My comment is borderline off topic, but I just can leave it at that. Sorry.
> I think it’s apt because the Ship of Theseus as a thought experiment is unanswerable.
It is answerable, you just need to go meta a little. You can argue that the Ship of Theseus doesn't exist (and didn't existed) because it is just a lot of wood. You can use reductionism further and say that wood doesn't exist, it is a bunch of atoms or quarks or whatever. The ship is just a leaky abstraction people are forced use because of their cognitive limitations. But if it is an abstraction, not a "real" thing, then I see no issues with the ship existing (in a limited sense) even after it changed all the atoms it consists of.
The other approach is to declare that a ship is not a thing, but a process. Like you do when talking about people, who change their atoms all the time, but they still keep they identity in a "magical" way. If you see people as a process, then it doesn't matter how often it replaces its matter with another matter. Like a tornado, which exists while exchanging matter with environment all the time and still being the same tornado.

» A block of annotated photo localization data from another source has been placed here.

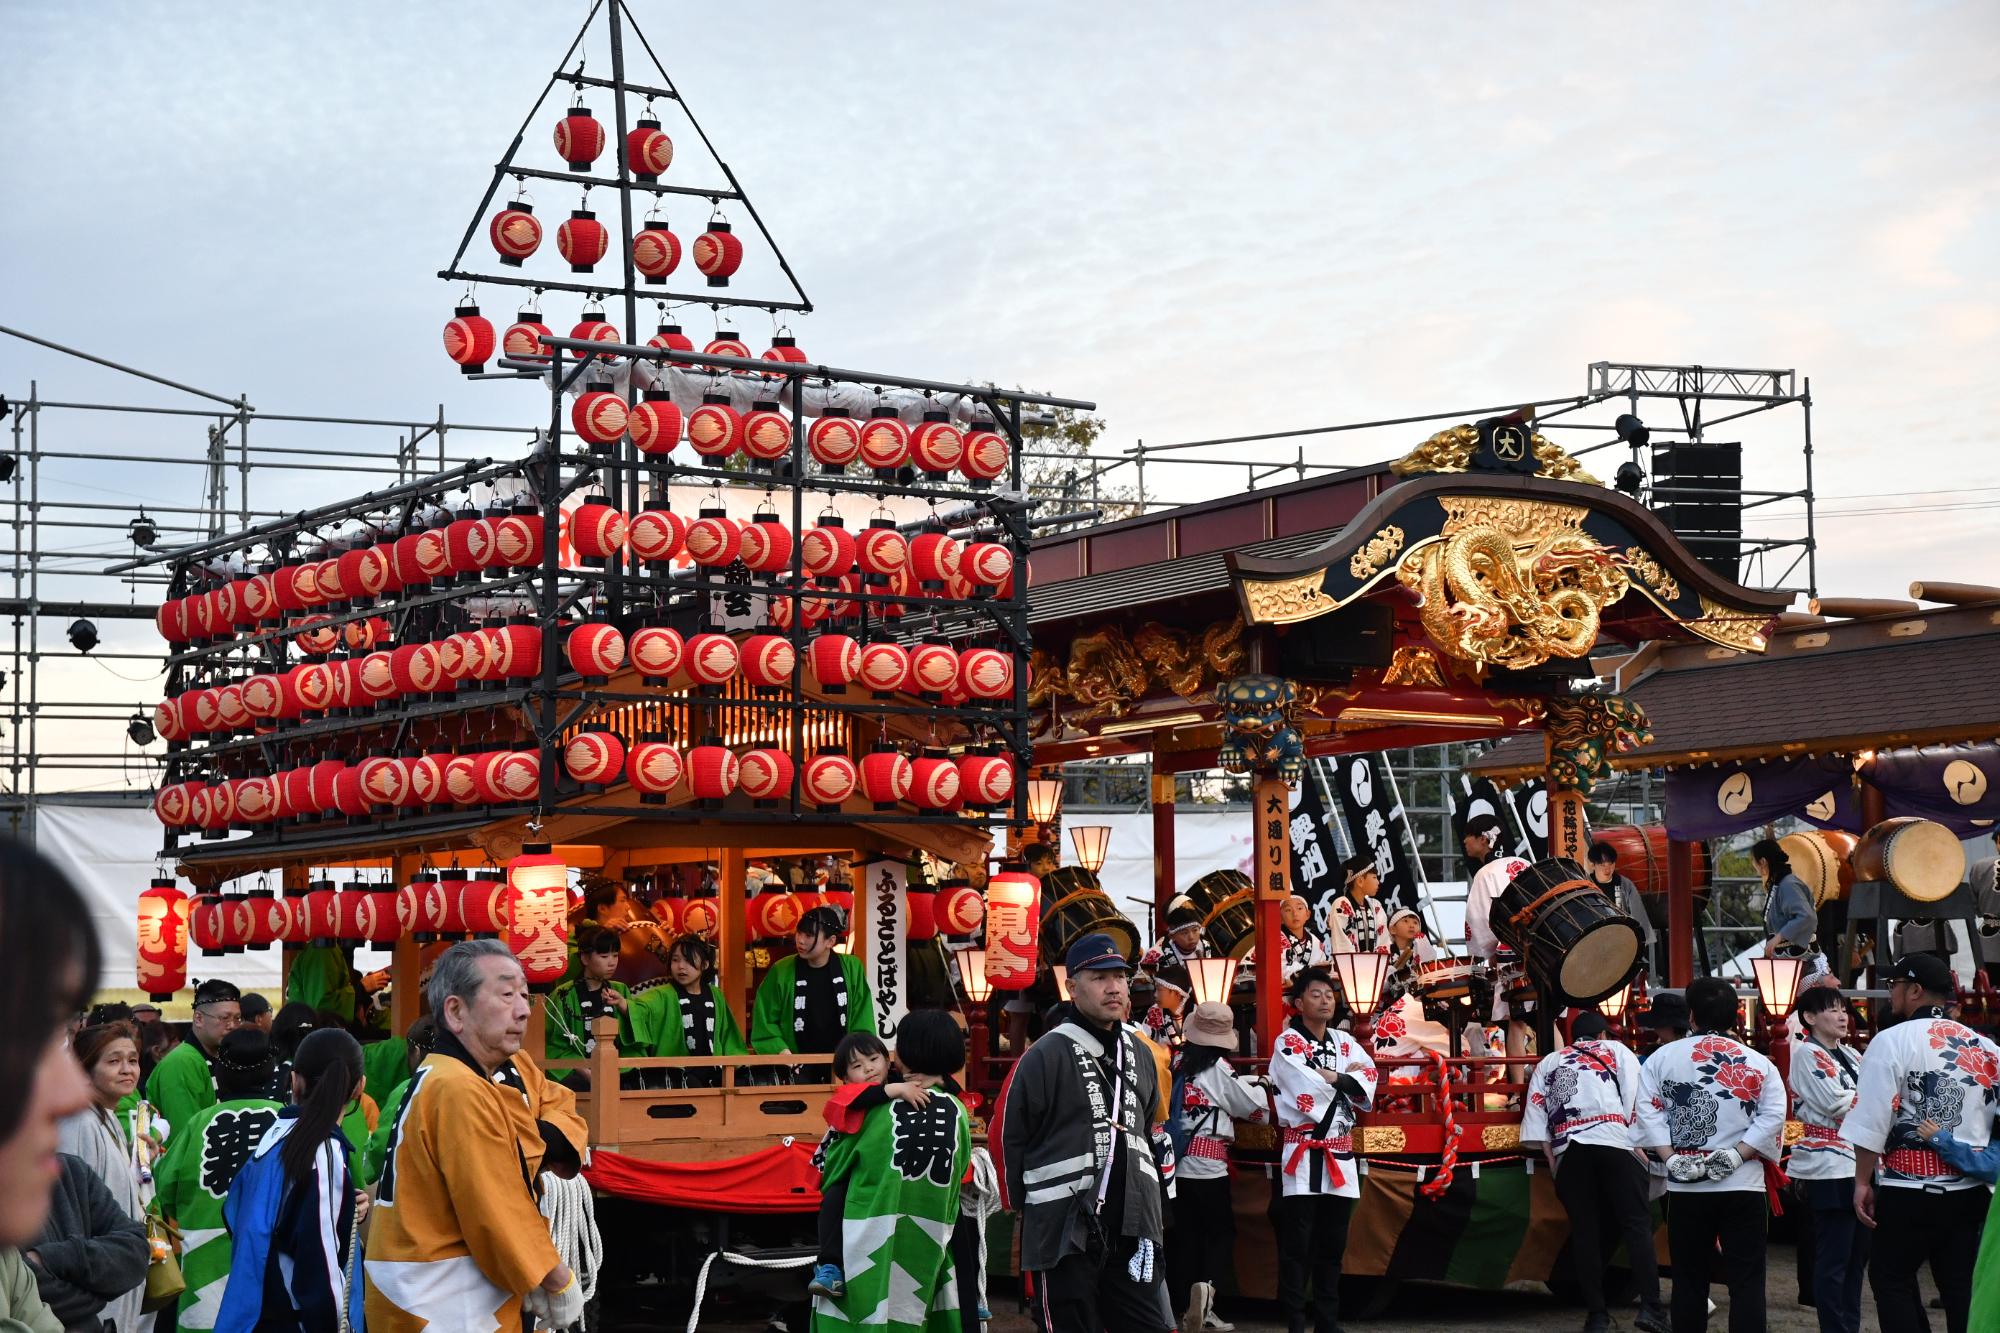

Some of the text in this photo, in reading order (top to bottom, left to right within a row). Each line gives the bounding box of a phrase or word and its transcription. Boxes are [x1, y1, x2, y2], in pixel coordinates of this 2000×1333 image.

[1498, 431, 1517, 456] 大
[1266, 794, 1285, 892] 大通り組
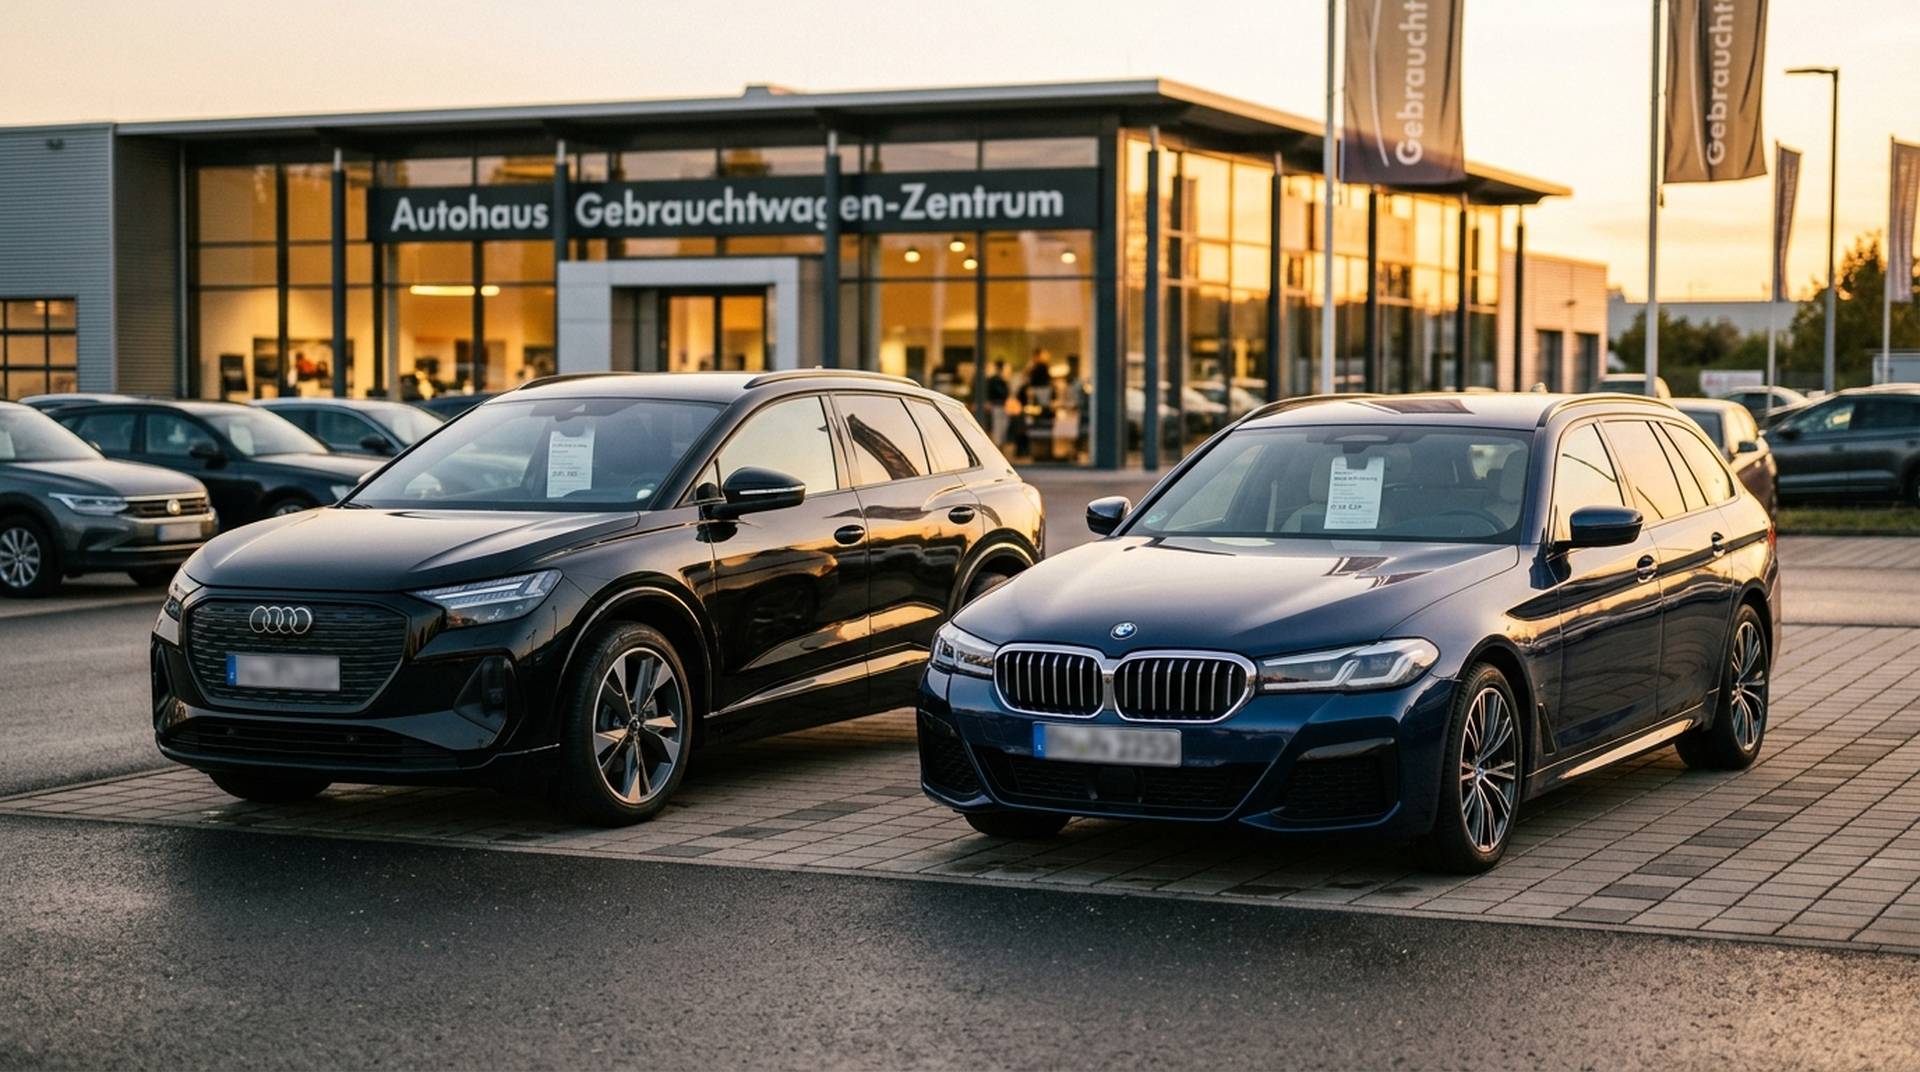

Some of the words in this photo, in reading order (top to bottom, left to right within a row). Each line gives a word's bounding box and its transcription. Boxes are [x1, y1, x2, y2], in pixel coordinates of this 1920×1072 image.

[1395, 0, 1428, 165] Gebraucht
[1706, 0, 1734, 166] Gebraucht
[391, 193, 549, 232] Autohaus

Or like a wave on a water surface, it doesn't have any atoms moving like a wave, but still a wave exists.
> It has few of the same parts as before, but it still resembles some concept of “America” in many ways.
It doesn't matter if there any old parts left, what matters is a continuous history.
> But is it the same ship?
It is the same ship, but its properties are changing over time. Like when people become older, some of them become wiser for example, some become physically weaker.
> But having run that race under the same banner generations ago doesn’t tell us much about the America today.
Yeah, with this I can fully agree. BTW we don't know was the Ship of Theseus becoming better or worse after repairs, but I'd bet that its maximum speed was changing due to repairs.